医薬品,医療機器滅菌の新しいトレンド“放射線滅菌”【第6回】

2015/12/16 製剤

山口 透

 滅菌の目的は、GMP要求の一つである患者等が微生物汚染による感染等の不利益を被ることを防ぐことにあり、医薬品や医療機器製品を無菌化するためには、製品に付着したバイオバーデンを全て死滅または除去する必要があります。それでは、製品の無菌性保証をより確実なものにするためには何を行えばよいでしょうか。本稿では無菌試験に代わって登場した滅菌バリデーションの概要を紹介します。

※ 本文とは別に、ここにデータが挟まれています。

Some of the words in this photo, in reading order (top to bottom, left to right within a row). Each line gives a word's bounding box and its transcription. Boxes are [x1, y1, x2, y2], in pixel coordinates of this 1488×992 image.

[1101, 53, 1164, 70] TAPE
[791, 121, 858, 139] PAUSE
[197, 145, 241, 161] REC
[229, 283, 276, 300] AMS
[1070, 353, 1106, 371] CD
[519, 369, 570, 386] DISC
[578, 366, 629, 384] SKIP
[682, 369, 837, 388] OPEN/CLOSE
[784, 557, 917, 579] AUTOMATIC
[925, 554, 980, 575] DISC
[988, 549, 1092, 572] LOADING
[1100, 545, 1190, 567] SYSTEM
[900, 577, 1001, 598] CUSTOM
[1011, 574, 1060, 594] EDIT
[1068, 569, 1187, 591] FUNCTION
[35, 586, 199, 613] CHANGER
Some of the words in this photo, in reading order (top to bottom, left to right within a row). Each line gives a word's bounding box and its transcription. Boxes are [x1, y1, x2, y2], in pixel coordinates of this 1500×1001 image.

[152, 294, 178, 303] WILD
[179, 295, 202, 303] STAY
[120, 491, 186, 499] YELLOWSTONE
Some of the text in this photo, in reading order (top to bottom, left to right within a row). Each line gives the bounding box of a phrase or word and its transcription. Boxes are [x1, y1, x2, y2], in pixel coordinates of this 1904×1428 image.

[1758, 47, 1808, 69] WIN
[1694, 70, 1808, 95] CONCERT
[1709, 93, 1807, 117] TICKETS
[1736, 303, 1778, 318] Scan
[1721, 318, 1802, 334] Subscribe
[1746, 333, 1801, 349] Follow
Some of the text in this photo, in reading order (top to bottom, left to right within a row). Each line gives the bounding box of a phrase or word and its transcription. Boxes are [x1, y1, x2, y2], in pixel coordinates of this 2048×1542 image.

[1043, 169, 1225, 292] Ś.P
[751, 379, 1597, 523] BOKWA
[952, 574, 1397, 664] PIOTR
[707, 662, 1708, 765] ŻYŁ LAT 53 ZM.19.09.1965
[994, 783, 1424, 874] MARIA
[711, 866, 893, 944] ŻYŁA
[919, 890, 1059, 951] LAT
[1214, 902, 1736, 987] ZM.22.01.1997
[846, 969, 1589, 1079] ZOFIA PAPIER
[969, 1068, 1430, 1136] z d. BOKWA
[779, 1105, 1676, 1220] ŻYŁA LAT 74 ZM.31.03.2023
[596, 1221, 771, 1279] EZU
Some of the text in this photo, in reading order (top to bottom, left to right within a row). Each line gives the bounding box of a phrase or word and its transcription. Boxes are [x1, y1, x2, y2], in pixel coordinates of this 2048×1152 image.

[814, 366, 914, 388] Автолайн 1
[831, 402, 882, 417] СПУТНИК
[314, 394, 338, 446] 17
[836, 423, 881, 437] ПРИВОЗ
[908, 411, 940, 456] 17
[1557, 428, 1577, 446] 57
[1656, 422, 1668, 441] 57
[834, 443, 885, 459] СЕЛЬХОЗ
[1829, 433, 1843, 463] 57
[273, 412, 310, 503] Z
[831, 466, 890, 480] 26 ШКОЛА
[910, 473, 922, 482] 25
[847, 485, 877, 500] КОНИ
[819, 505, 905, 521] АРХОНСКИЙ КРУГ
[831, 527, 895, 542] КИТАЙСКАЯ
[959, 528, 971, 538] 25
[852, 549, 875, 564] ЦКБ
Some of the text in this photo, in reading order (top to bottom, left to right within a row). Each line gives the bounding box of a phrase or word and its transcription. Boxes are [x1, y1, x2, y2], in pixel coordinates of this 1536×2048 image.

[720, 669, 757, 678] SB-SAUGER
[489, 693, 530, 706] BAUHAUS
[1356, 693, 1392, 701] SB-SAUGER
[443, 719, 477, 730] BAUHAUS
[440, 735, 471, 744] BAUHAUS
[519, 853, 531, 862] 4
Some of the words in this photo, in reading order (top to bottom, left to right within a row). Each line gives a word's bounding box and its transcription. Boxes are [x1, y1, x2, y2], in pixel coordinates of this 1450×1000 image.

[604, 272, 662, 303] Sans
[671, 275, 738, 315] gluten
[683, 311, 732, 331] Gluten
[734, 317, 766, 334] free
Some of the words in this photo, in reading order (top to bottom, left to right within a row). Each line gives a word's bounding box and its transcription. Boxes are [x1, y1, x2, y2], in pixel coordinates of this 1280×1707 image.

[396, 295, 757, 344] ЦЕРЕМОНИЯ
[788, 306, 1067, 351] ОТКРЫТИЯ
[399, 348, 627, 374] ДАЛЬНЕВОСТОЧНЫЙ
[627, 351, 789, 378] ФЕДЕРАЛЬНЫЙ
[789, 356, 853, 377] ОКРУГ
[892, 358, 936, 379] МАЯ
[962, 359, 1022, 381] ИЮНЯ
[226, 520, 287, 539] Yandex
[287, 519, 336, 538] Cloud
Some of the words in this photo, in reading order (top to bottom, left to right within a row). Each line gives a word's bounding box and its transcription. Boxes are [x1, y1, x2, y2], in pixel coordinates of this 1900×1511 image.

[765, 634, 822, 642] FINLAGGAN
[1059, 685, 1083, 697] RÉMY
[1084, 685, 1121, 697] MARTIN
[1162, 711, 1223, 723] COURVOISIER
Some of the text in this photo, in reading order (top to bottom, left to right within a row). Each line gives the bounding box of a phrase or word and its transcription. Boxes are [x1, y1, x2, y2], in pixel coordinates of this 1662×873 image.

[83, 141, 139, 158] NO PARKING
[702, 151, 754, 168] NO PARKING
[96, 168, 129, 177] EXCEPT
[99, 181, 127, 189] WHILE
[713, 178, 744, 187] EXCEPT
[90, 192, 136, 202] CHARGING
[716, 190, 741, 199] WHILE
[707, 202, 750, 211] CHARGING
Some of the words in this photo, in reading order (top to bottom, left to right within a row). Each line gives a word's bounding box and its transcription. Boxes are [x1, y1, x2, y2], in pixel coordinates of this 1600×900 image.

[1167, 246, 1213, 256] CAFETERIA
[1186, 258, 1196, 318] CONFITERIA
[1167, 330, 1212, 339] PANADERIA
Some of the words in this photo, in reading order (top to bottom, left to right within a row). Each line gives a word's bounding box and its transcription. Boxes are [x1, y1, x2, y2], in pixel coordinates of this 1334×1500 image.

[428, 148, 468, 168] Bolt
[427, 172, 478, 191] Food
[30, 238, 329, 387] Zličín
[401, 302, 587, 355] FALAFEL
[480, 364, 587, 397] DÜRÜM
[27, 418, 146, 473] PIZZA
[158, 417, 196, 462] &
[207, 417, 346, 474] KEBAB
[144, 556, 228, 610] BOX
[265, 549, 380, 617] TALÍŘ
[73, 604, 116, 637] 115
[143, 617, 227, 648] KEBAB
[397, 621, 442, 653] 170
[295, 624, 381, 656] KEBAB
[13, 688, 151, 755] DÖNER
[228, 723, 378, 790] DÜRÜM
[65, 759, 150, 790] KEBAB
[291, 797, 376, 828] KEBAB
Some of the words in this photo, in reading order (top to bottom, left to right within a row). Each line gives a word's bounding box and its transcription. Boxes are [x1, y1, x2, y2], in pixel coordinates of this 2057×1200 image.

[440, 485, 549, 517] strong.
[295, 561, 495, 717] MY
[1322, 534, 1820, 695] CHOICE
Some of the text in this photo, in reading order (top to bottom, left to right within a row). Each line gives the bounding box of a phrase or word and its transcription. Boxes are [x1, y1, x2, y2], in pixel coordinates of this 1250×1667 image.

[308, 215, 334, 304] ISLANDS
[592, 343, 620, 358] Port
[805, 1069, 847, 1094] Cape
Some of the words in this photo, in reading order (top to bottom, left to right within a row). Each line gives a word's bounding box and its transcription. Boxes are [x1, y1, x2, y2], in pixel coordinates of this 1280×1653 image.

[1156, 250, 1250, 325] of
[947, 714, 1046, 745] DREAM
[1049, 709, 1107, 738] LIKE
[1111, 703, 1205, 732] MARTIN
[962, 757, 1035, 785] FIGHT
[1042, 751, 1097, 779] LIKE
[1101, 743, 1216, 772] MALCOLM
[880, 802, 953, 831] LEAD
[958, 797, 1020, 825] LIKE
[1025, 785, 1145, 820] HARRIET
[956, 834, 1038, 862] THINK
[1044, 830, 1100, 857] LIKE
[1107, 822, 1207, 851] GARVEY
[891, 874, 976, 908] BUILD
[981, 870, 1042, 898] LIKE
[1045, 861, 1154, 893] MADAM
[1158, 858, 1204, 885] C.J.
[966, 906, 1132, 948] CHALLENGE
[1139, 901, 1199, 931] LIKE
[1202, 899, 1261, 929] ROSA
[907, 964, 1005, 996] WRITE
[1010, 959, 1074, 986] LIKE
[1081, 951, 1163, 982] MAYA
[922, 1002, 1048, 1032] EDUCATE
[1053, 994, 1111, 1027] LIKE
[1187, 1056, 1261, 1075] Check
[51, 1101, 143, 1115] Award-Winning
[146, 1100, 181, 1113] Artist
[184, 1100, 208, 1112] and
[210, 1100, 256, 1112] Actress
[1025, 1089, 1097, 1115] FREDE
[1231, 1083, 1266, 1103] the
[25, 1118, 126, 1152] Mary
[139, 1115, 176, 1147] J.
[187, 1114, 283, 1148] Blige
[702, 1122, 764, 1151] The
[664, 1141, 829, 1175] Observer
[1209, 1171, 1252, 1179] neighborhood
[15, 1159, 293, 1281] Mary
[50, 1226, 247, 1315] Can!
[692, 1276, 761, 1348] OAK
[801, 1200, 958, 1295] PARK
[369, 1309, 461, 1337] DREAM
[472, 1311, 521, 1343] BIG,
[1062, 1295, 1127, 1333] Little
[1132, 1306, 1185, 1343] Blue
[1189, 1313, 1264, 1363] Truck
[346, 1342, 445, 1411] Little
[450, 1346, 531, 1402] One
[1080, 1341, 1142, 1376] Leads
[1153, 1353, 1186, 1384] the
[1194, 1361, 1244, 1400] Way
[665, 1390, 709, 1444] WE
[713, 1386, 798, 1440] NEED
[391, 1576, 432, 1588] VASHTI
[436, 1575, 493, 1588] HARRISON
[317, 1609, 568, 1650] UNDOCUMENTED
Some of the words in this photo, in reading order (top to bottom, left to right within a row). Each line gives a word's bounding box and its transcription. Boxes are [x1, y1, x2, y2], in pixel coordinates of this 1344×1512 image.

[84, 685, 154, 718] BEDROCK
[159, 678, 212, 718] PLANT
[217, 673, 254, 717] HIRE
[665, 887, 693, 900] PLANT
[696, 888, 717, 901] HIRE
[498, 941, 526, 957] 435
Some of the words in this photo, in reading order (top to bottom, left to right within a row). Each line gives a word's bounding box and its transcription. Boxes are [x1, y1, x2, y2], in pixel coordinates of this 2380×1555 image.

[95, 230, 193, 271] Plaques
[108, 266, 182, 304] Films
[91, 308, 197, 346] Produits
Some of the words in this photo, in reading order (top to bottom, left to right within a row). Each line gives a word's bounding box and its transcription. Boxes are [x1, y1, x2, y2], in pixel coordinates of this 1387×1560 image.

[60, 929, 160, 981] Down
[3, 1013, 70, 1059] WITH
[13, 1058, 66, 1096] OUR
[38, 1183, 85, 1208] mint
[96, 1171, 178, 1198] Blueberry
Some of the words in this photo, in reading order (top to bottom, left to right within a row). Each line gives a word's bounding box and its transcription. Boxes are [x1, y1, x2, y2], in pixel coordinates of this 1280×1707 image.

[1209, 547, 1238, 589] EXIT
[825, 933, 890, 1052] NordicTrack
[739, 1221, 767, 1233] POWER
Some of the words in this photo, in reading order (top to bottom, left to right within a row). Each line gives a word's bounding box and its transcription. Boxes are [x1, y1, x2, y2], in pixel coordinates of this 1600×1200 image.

 滅菌の場合、製品の無菌性保証は10-6を担保する必要があります。これは個々の製品に微生物が存在する確率が百万分の1というほとんどゼロに近い値ということです。この微生物存在確率の保証を担保するために考えられたのが滅菌バリデーションです。国内において、医薬品の滅菌バリデーションの方法は、日本薬局方 参考情報「最終滅菌医薬品の無菌性保証」、に記載されています。また、参考情報「最終滅菌法及び滅菌指標体」には最終滅菌法の紹介とバイオバーデン測定の重要性が記述されていて、参考規格としてISOの各滅菌法の規格が記載されています。さらに、2014年PIC/S GMP 1)や「最終滅菌法による無菌医薬品の製造に関する指針」2)が通知され、その中で、医薬品の滅菌方法として、ろ過滅菌、湿熱滅菌、放射線滅菌が収載されています。また、通知によれば、滅菌バリデーションは滅菌バリデーション基準により実施し、微生物管理として、環境モニタリングとバイオバーデン試験を実施する必要があるとしています。また、医療機器の場合は、エチレンオキサイド滅菌、湿熱滅菌、放射線滅菌に対してJIS滅菌規格が設定されています。
 滅菌バリデーションの要件としては、滅菌工程の開発、滅菌条件の設定、製品適格性、設備適格性(IQ、OQ)、稼動性能適格性(PQ)の各ステップを検証することが必要であり、3)さらに、滅菌バリデーションを補完する総合的微生物管理の観点及びGMPの観点からからは、製品及び包装の汚染菌の数と種類を調査し、また、製造工程、原材料、作業者などの汚染菌を把握することが重要になります。総合的微生物管理については後述します。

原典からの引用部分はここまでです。